Questa vocazione, Maria l’ha capita e accolta subito, aderendovi totalmente col
suo cuore senza nessun dubbio. L’annuncio dell’angelo manifesta in maniera
disvelata la gratuità eterna di Dio. Quando capisce che quello che è in gioco è
solo la grazia, (la gratuità) senza misura di Dio, Maria non oppone resistenza
e aderisce a questa gratuità, ai suoi disegni incomprensibili, alla sua onnipotenza
senza limiti.
La
gratuità di Dio, che in Genesi crea l’uomo a sua immagine e somiglianza, che
nell’Esodo lo salva dalle mani dei persecutori, che chiama Maria e dona a
Elisabetta una fecondità impossibile, è veramente la ragione che non ammette
misura o calcolo.
Dio
è esempio e modello di una vita gratuita: rifiutare questo dono è sinonimo di
negazione del gratuito. La negazione della gratuità sfocia nella negazione di
Dio stesso, così come sta avvenendo nei giorni nostri sostituendo Dio con la
società dei diritti, dove nulla è percepito come dono, neppure la vita.
Vogliamo
vivere questo anno come l’occasione propizia per educarci alla riconoscenza e
alla gratuità. Ci impegneremo a riconoscere il dono della grazia in totale
libertà educando gli studenti a riconoscere il dono e a superare il pensiero
del “tutto mi è dovuto”
Il tema dell’anno: Siate
riconoscenti “Gratis accepistis, gratis date” nella sua prima parte
riprende la lettera di san Paolo ai Colossesi (3:15). “Siate riconoscenti” è anzitutto un invito ad
assumere uno stile di vita senza nessuna pretesa, vivendo tutto come un dono e
una pura grazia per poter godere di tutti i benefici, anche quelli che
provengono dai “diritti”, come un puro dono.
Sempre San Paolo
esorta: “In ogni cosa rendete grazie, perché tale è la volontà di Dio
in Cristo Gesù verso di voi” (1 Tess.
5:18) La riconoscenza è un atteggiamento
interiore, sono i pensieri costantemente rivolti a Dio e, di conseguenza, pieni
di lode. Scrivendo: “In ogni cosa,
rendete grazia”, l’apostolo Paolo ci invita a dire grazie non solo per ogni
bontà di Dio di cui siamo coscienti nel corso del tempo, ma anche nei piccoli
contrattempi o nelle grandi prove, avendo una tranquilla fiducia in Dio e la
convinzione che “tutte le cose cooperano al bene di quelli che amano Dio”
(Romani 8:28).
Nella
seconda parte, il tema dell’anno riprende il mandato missionario di Gesù in
Matteo (Mt 10,8), secondo la
tradizione latina. “Gratis accepistis, gratis date” ci richiama
ad essere operatori di gratuità, dispensatori di gratuità. Non c’è nulla di più
grande del “gratis di Dio” ma la gratuità di Dio deve diventare anche la nostra
gratuità, la gratuità di cui siamo oggetto diventi gratuità in cui noi siamo
soggetto: cioè, che la gratuità di Dio investa la nostra libertà e il nostro
agire.
Carissimi alunni, nel prossimo anno, siete chiamati a
riscoprire la bellezza del vivere una vita segnata dalla gratitudine. Non date
nulla per scontato e non vivete con la logica della pretesa! Nulla vi è dovuto!

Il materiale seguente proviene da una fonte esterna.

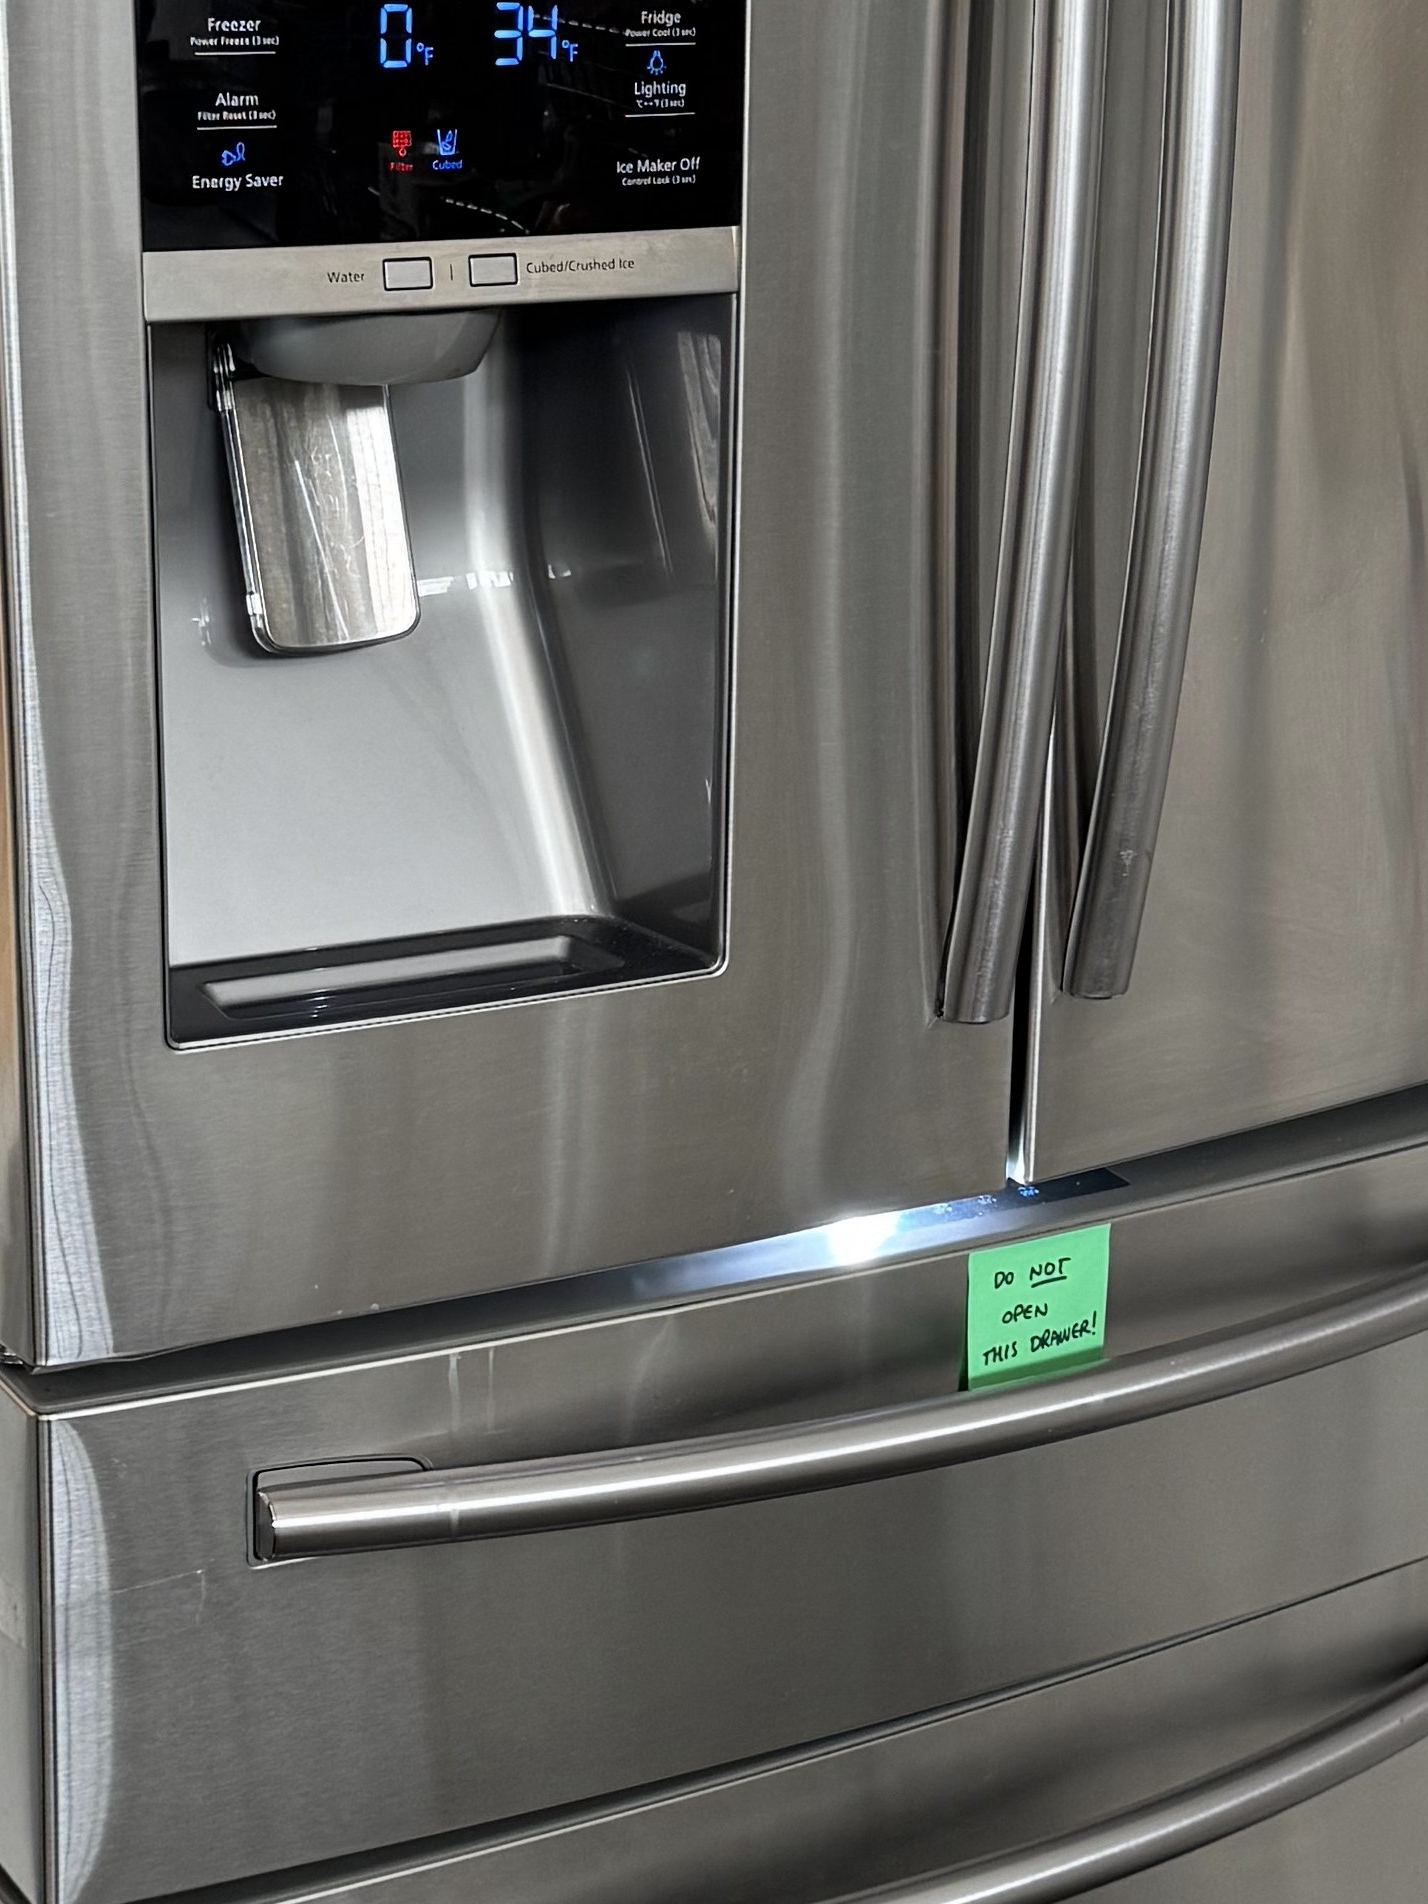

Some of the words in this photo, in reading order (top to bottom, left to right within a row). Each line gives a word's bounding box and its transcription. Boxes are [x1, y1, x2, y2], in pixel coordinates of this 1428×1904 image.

Siate riconoscenti a Dio per il dono della vita da custodire e da rendere
vivace attraverso la conoscenza e lo studio. Siate riconoscenti alla vostra
famiglia per avervi dato la possibilità di studiare al Rotondi. Sia la carità
esercitata anzitutto nelle proposte educative e pastorali l’ambito privilegiato
per vivere la gratuità come stile di vita che apre a una profonda
riconoscenza. Sia sulle vostre labbra la gratuità espressa attraverso il
ringraziamento: non stancatevi di ripetere l’espressione gioiosa del “grazie!”; sia il vostro cuore il luogo privilegiato per
generare gratuità.
Carissimi docenti, siete chiamati a educare alla
riconoscenza attraverso la conduzione di una didattica rigorosa che premiando
la costanza dello studio sappia evidenziare i talenti di tutti. Chiedete agli
alunni, attraverso lo studio, la virtù della perseveranza proponendo modelli di
uomini che con sacrificio e impegno hanno segnato il cammino culturale,
artistico e scientifico della nostra società. La gratuità della fruizione del
sapere non sia data per scontata. D’innanzi alla poca perseveranza e al poco impegno
nello studio, richiamate al dovere, e ricordate che nulla è dovuto. Non è una
certificazione, atto dovuto per chi ha qualche fragilità, a esonerare
dall’impegno dello studio o a garantire esonero da eventuali valutazioni non
del tutto positive o da debiti formativi.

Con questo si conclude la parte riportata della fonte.